Lithium-ion batteries (LIBs) can power a huge range of applications, covering most electric vehicles (EV) and consumer electronics devices. However, currently product designers have to cater to the commercially-available battery's size, shape and weight. In order to use 3D-printing technology to create any customized shape LIBs, a research team from Duke University published a solution.
Commercially-ready LIBs typically come in cylindrical or rectangular shapes. A model 18650 battery of EV is cylindrical, and a smartphone's battery is mostly rectangular. When manufacturers are designing products, they need to reserve a certain size and shape of space to the battery. This factor limits design options.
To unlock the "form factor" limitations, some institutions did experiments with 3D printing technology that promises to print any size and shape. However, the polymers used by traditional 3D printers, such as polylactic acid (PLA), are not ionic conductors.
A team from Duke University solved the issue by injecting PLA filament with a mix of ethyl methyl carbonate, propylene carbonate, and lithium perchlorate, so as to raise the ionic conductivity. Furthermore, the team infused lithium titanate battery with graphene or multi-walled carbon nanotubes in the anode or cathode, respectively, so that ionic conductivity can be raised up.
The team stated that the solution above can be achieved by low-cost and widely-used 3D printing technology. With fused filament fabrication (FFF) technology, LIBs can be printed in any shape or size.
The researchers 3D-printed a LED device to demonstrate their concept of LIB. The LIB can power the light of bangle's LED for 60 seconds. According to the essay, the capacity of first-generation 3D printed battery is still lower than that of commercial batteries. Thus, it is not commercially ready. In the future, they might replace the PLA-based paste with 3D-printable paste.

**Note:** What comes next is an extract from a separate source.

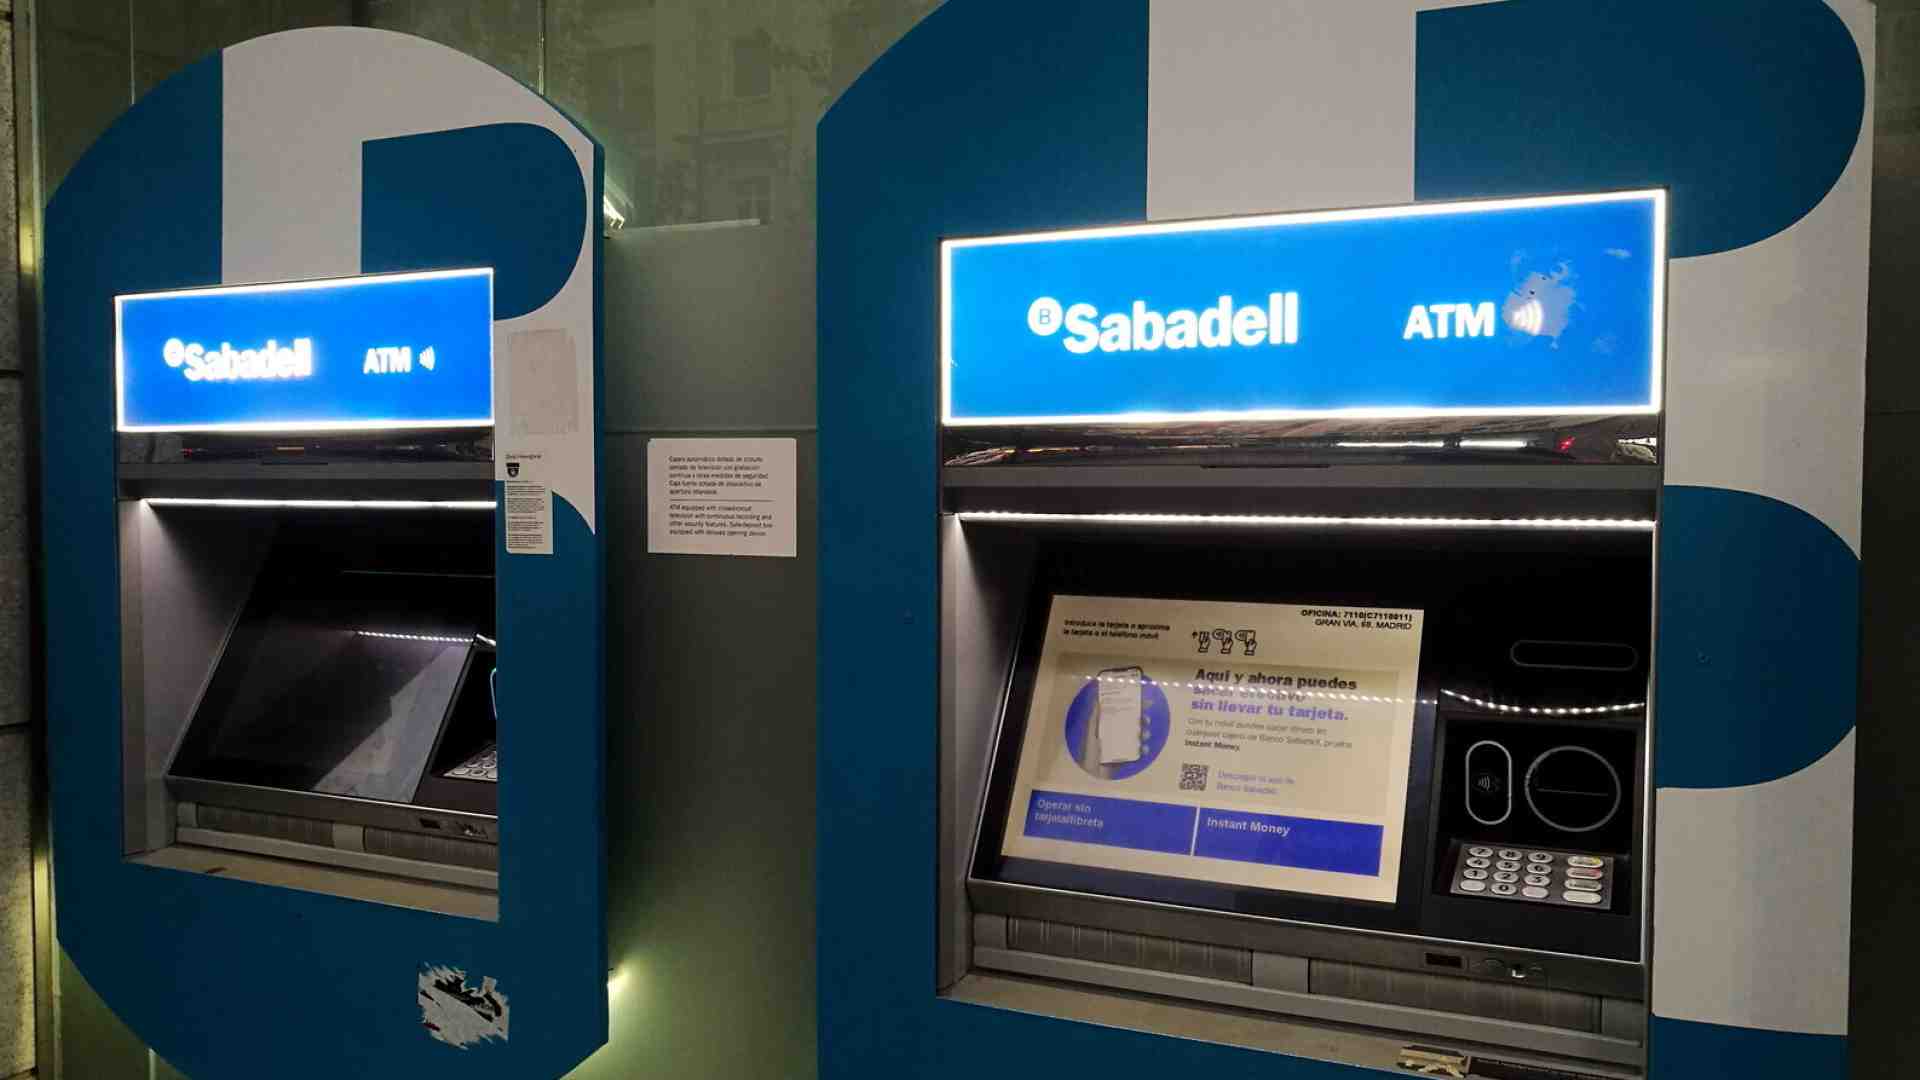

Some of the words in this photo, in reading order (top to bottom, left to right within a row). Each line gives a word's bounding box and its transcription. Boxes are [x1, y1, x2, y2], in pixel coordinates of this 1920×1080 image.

Duke University was not the only institute solving the issue with a 3D printing battery. US-based Carnegie Mellon University (CMU)'s researchers also fervently developed their 3D printing battery. CMU's advantage is that their electrodes have pores and channels. Rahul Panat, an Associate Professor in the Mechanical Engineering Department of CMU, explained that the electrodes with porous structure can allow plenty of li ions to penetrate through the electrode volume. This factor vastly helps raise electrode utilization rate and higher energy storage capacity.
The CMU-led team has currently used microlattice structure to raise battery capacity and increase battery charging/re-charging rates. The team has used US-based Optomec's aerosol jet (AJ) 3-D printing system to print battery that creates a 3-D microlattice structure with controlled porosity.The AJ technology can create 3D prints of electronic components such as resistors, capacitors, antennas, sensors, and thin film transistors. It can adjust the ohm value of resistors by changing the printing parameters, and components can also be printed onto 3D surfaces. In this way, there is no need of independent substrate. The final product's size, thickness and weight might be reduced.
If the lab technologies' products can achieve a commercial scale, 3D print battery technology can benefit segments of consumer electronics products, bio-medical devices, and aerospace applications. Wearable devices that must be small-sized, light, and foldable will not be limited by the size of battery in the future.